*TASK STATEMENT*:
Retype exactly the lines from the line with "this 2356×1568 image." to the end of the data, keeping both boundary lines.

*GIVEN DATA*:
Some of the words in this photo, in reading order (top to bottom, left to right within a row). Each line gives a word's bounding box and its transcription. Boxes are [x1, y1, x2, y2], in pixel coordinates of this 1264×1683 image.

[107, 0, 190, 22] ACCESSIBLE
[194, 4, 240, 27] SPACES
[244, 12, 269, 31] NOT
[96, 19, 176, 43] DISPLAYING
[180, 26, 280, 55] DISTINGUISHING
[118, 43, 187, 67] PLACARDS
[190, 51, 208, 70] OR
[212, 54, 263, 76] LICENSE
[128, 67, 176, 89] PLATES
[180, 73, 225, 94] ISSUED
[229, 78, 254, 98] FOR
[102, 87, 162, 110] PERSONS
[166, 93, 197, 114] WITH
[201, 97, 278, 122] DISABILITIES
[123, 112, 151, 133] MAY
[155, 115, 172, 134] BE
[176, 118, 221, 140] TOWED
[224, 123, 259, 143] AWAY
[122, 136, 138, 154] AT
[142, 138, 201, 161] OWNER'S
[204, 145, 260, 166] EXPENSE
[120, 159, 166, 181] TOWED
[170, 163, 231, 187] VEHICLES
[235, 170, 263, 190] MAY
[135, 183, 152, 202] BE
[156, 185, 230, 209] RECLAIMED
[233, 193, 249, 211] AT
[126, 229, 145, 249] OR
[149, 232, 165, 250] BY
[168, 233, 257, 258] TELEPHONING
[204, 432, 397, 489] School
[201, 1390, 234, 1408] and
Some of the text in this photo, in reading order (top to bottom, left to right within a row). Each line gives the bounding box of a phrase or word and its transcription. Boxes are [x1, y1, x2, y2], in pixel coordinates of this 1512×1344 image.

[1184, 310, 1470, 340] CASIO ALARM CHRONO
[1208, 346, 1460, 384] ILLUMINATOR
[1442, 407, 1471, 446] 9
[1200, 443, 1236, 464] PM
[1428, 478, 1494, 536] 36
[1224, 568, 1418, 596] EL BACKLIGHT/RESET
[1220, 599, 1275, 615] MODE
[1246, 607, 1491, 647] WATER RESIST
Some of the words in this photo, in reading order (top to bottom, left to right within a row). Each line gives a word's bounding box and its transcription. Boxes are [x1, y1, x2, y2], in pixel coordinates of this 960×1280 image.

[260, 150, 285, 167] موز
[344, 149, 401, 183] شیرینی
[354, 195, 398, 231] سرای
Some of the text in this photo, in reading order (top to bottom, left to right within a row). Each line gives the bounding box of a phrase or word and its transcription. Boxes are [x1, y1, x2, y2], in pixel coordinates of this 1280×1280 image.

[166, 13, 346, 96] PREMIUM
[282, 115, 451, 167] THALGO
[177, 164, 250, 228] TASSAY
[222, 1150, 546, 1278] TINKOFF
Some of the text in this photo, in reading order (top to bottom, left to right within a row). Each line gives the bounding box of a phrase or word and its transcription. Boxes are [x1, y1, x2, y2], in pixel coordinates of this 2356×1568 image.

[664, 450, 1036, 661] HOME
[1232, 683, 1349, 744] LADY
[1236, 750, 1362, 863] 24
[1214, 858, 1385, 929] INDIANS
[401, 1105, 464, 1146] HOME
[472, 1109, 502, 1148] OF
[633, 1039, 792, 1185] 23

*RESPONSE*:
Some of the text in this photo, in reading order (top to bottom, left to right within a row). Each line gives the bounding box of a phrase or word and its transcription. Boxes are [x1, y1, x2, y2], in pixel coordinates of this 2356×1568 image.

[664, 450, 1036, 661] HOME
[1232, 683, 1349, 744] LADY
[1236, 750, 1362, 863] 24
[1214, 858, 1385, 929] INDIANS
[401, 1105, 464, 1146] HOME
[472, 1109, 502, 1148] OF
[633, 1039, 792, 1185] 23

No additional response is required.